=== Extracted entries ===

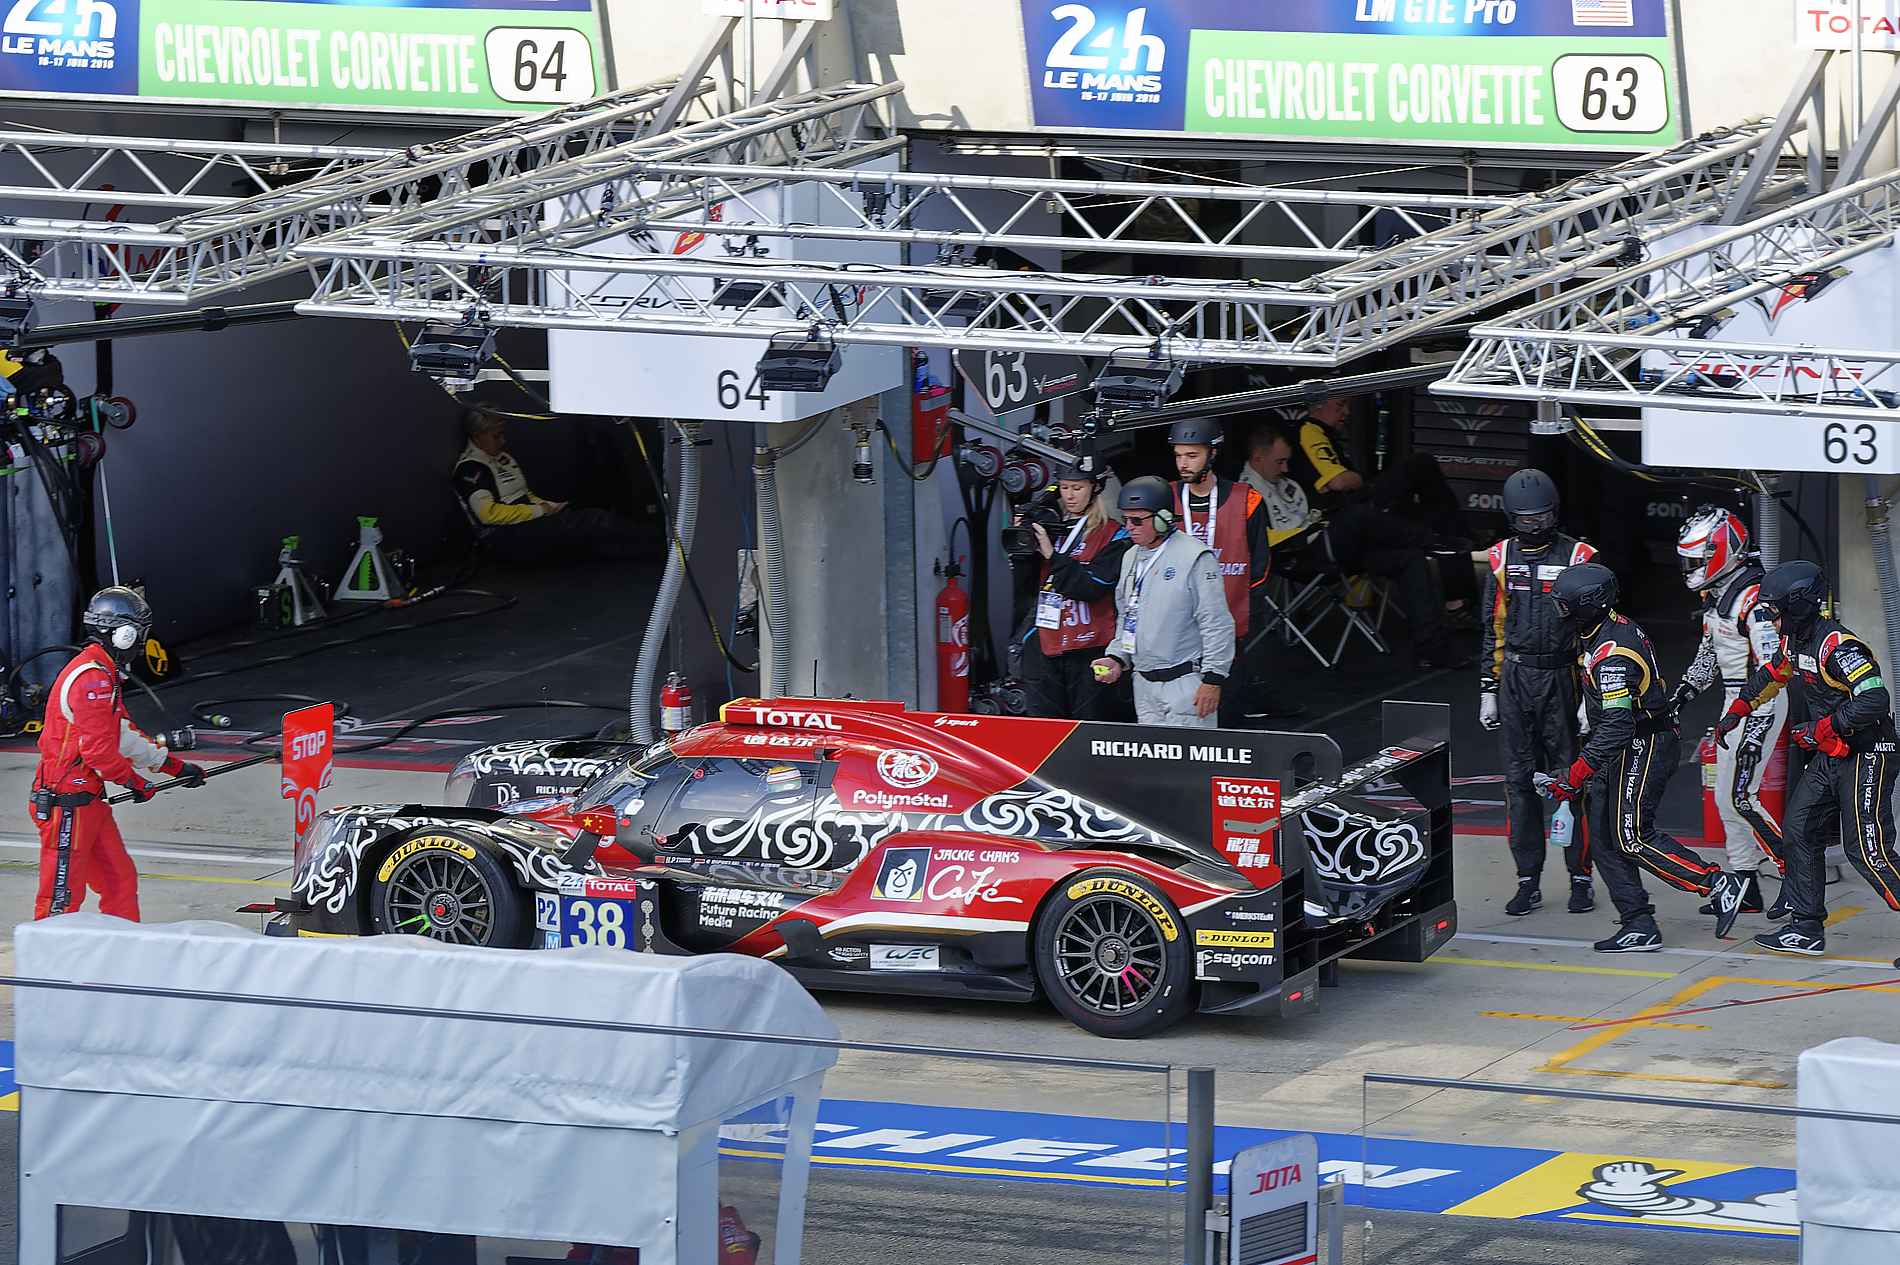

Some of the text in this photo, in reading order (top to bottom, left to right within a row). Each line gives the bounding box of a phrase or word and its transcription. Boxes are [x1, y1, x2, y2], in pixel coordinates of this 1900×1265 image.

[1355, 0, 1396, 22] LM
[1464, 0, 1517, 24] Pro
[1807, 10, 1900, 34] TOTA
[2, 36, 115, 59] LE MANS
[154, 22, 480, 94] CHEVROLET CORVETTE
[513, 39, 568, 92] 64
[1043, 70, 1162, 92] LE MANS
[1203, 57, 1545, 126] CHEVROLET CORVETTE
[1581, 66, 1639, 122] 63
[717, 369, 770, 411] 64
[984, 351, 1028, 409] 63
[1823, 422, 1878, 465] 63
[750, 706, 843, 730] TOTAL
[292, 730, 326, 760] STOP
[1091, 740, 1252, 764] RICHARD MILLE
[1217, 782, 1275, 796] TOTAL
[1626, 776, 1636, 804] JOTA
[391, 837, 469, 865] DUNLOP
[934, 850, 1020, 863] JACKIE CHAN'S
[589, 880, 634, 892] TOTAL
[927, 865, 1024, 905] Café
[537, 897, 557, 926] P2
[699, 902, 780, 921] Future Racing
[1088, 879, 1174, 930] DUNLOP
[569, 900, 626, 950] 38
[699, 914, 734, 929] Media
[1211, 934, 1271, 943] DUNLOP
[885, 948, 936, 960] WEC
[1213, 952, 1274, 968] sagcom
[1249, 1163, 1302, 1196] JOTA

===

■ **Problem details**: The whole listing above must be duplicated word for word, apart from its pictures.

■ **Finished exercise**:
Some of the text in this photo, in reading order (top to bottom, left to right within a row). Each line gives the bounding box of a phrase or word and its transcription. Boxes are [x1, y1, x2, y2], in pixel coordinates of this 1900×1265 image.

[1355, 0, 1396, 22] LM
[1464, 0, 1517, 24] Pro
[1807, 10, 1900, 34] TOTA
[2, 36, 115, 59] LE MANS
[154, 22, 480, 94] CHEVROLET CORVETTE
[513, 39, 568, 92] 64
[1043, 70, 1162, 92] LE MANS
[1203, 57, 1545, 126] CHEVROLET CORVETTE
[1581, 66, 1639, 122] 63
[717, 369, 770, 411] 64
[984, 351, 1028, 409] 63
[1823, 422, 1878, 465] 63
[750, 706, 843, 730] TOTAL
[292, 730, 326, 760] STOP
[1091, 740, 1252, 764] RICHARD MILLE
[1217, 782, 1275, 796] TOTAL
[1626, 776, 1636, 804] JOTA
[391, 837, 469, 865] DUNLOP
[934, 850, 1020, 863] JACKIE CHAN'S
[589, 880, 634, 892] TOTAL
[927, 865, 1024, 905] Café
[537, 897, 557, 926] P2
[699, 902, 780, 921] Future Racing
[1088, 879, 1174, 930] DUNLOP
[569, 900, 626, 950] 38
[699, 914, 734, 929] Media
[1211, 934, 1271, 943] DUNLOP
[885, 948, 936, 960] WEC
[1213, 952, 1274, 968] sagcom
[1249, 1163, 1302, 1196] JOTA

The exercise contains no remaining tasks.